Credit: PHOTO BY MITCH JACOBY
Off-the-shelf components can be used to build (relatively) inexpensive terahertz spectroscopy equipment such as the terahertz generator in Cheville's hand.

THz spectroscopy methods for detecting explosives also are being studied at Osaka University in Japan. Kohji Yamamoto, a postdoc at the university's Institute of Laser Engineering, reported that small amounts of the powerful explosive C-4 hidden in sealed envelopes are readily detected by the compound's THz fingerprint (from 590 cm-1) (Jpn. J. Appl. Phys. 2004, 43, L414). Yamamoto pointed out that C-4, which is composed of about 90% RDX and has been fingered in numerous terrorist bombings, cannot be detected via X-ray methods or metal detectors.

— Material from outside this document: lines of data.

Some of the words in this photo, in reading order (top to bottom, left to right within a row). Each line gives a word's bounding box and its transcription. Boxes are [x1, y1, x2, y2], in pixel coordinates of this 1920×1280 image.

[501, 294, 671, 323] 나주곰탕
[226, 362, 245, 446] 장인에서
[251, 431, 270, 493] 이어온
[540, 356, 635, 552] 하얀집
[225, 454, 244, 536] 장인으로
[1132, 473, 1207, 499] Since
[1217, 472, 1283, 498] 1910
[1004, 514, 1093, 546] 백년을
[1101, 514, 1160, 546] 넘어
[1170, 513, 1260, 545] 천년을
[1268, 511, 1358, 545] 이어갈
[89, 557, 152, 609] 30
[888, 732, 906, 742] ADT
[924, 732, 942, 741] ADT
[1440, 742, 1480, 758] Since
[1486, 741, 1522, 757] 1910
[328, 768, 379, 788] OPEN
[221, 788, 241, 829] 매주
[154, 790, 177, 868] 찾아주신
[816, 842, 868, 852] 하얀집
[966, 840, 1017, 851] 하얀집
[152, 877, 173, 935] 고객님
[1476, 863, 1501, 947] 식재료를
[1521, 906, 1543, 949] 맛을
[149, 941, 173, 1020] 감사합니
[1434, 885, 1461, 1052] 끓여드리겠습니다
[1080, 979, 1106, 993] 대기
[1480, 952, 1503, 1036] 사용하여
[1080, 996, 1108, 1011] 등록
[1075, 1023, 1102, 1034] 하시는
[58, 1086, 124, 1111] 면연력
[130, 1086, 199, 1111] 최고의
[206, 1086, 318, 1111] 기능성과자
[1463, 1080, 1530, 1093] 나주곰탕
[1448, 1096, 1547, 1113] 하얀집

In a related study, Yamamoto showed that THz spectroscopy is useful in analyzing chiral compounds. Specifically, he reported that the pure enantiomers L- and D-alanine are easily distinguished from the racemic mixture (Appl. Phys. Lett. 2005, 86, 053903). The finding underscores the sensitivity of THz spectroscopy to crystal structure, which may be attractive to pharmaceutical researchers for identifying crystal polymorphs.

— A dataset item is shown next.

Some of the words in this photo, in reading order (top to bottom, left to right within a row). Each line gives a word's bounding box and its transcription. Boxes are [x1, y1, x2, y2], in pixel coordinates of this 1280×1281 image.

David A. Newnham, a senior engineer at TeraView, elaborated on other pharmaceutical applications of THz spectroscopy. For example, he noted that the common pharmaceutical agent carbamazepine, which exists in at least four polymorphic forms, undergoes phase transitions as the compound is heated, melts, and recrystallizes. Newnham showed that the phase transitions can be monitored in situ by using a THz spectrometer equipped with a sample-heating stage. He also showed that THz imaging methods can be used to prepare three-dimensional chemical maps of the interior of drug tablets.

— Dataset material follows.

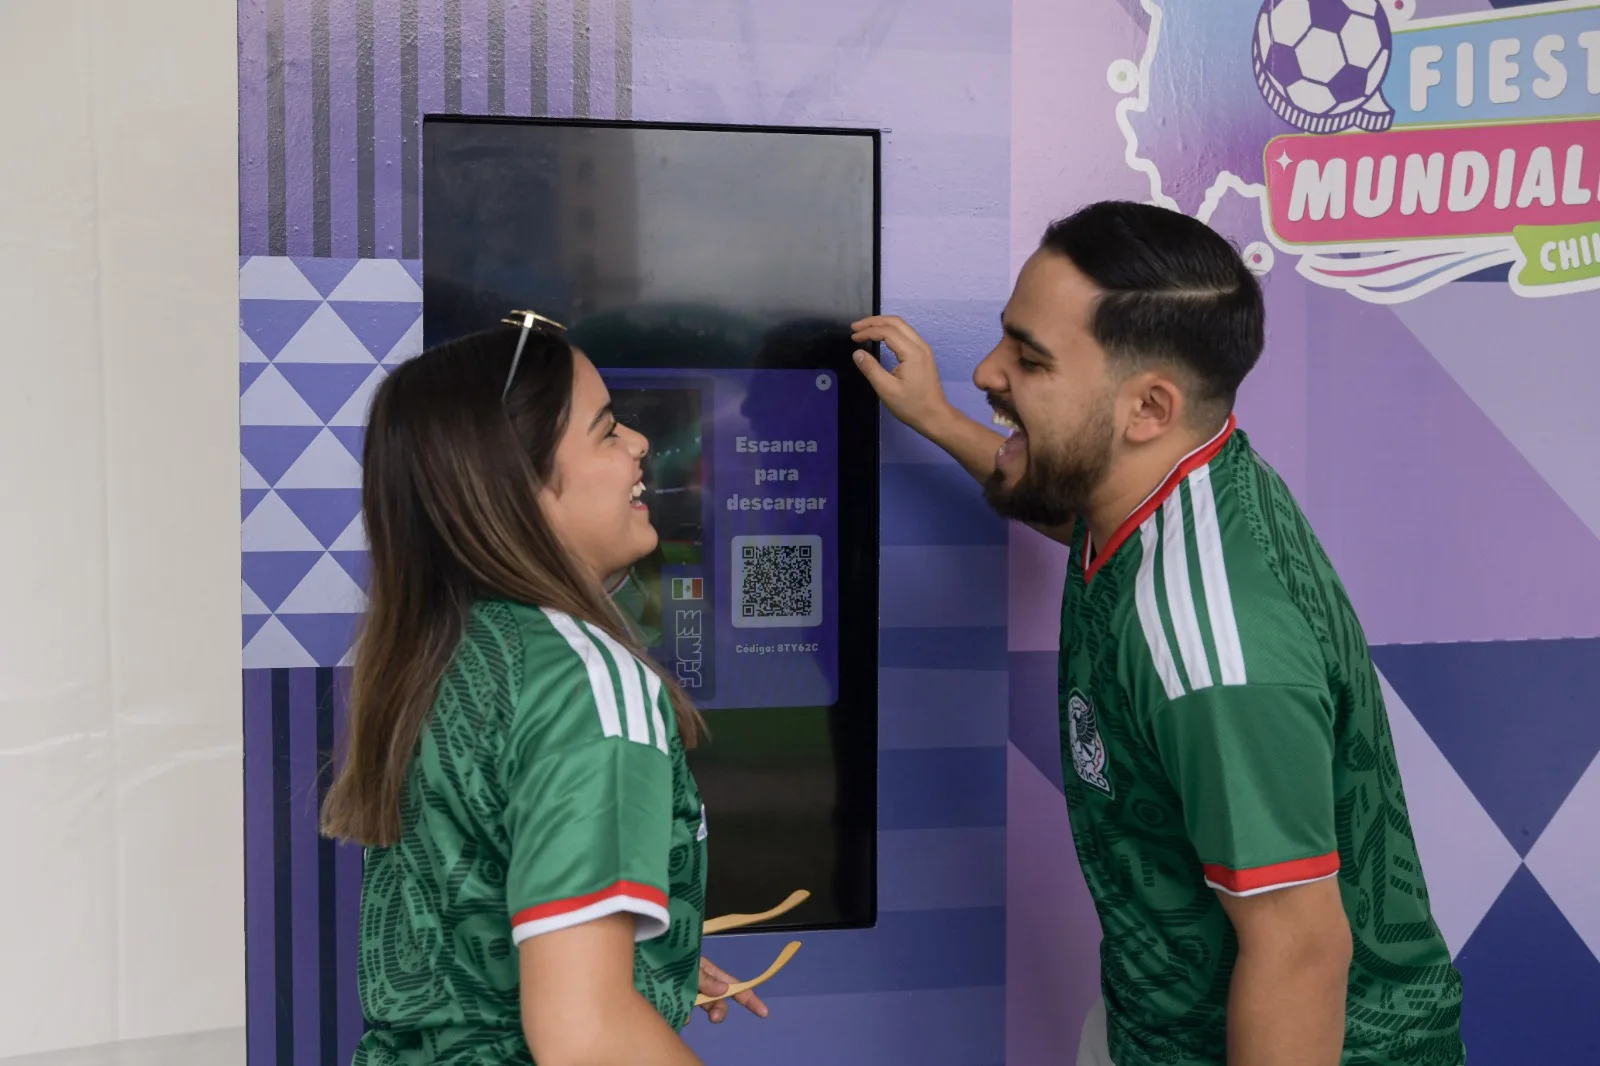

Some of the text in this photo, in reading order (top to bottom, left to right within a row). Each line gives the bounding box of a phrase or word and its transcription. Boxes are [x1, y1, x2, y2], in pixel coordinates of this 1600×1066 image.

From fundamental science to mailroom security, THz spectroscopy is a potentially powerful tool that is just starting to make news in the chemistry community. According to Zhang and Schmuttenmaer, however, the field still suffers from several shortcomings, such as a lack of convenient access to affordable spectrometer components, publicly available spectral libraries, and a large pool of THz know-how. But with THz practitioners' willingness to help newcomers--as demonstrated, for example, by Cheville's instructional website--and a new THz community network being developed by Schmuttenmaer and others to address the shortcomings, it's only a matter of time before the technique finds its place in analytical chemistry textbooks.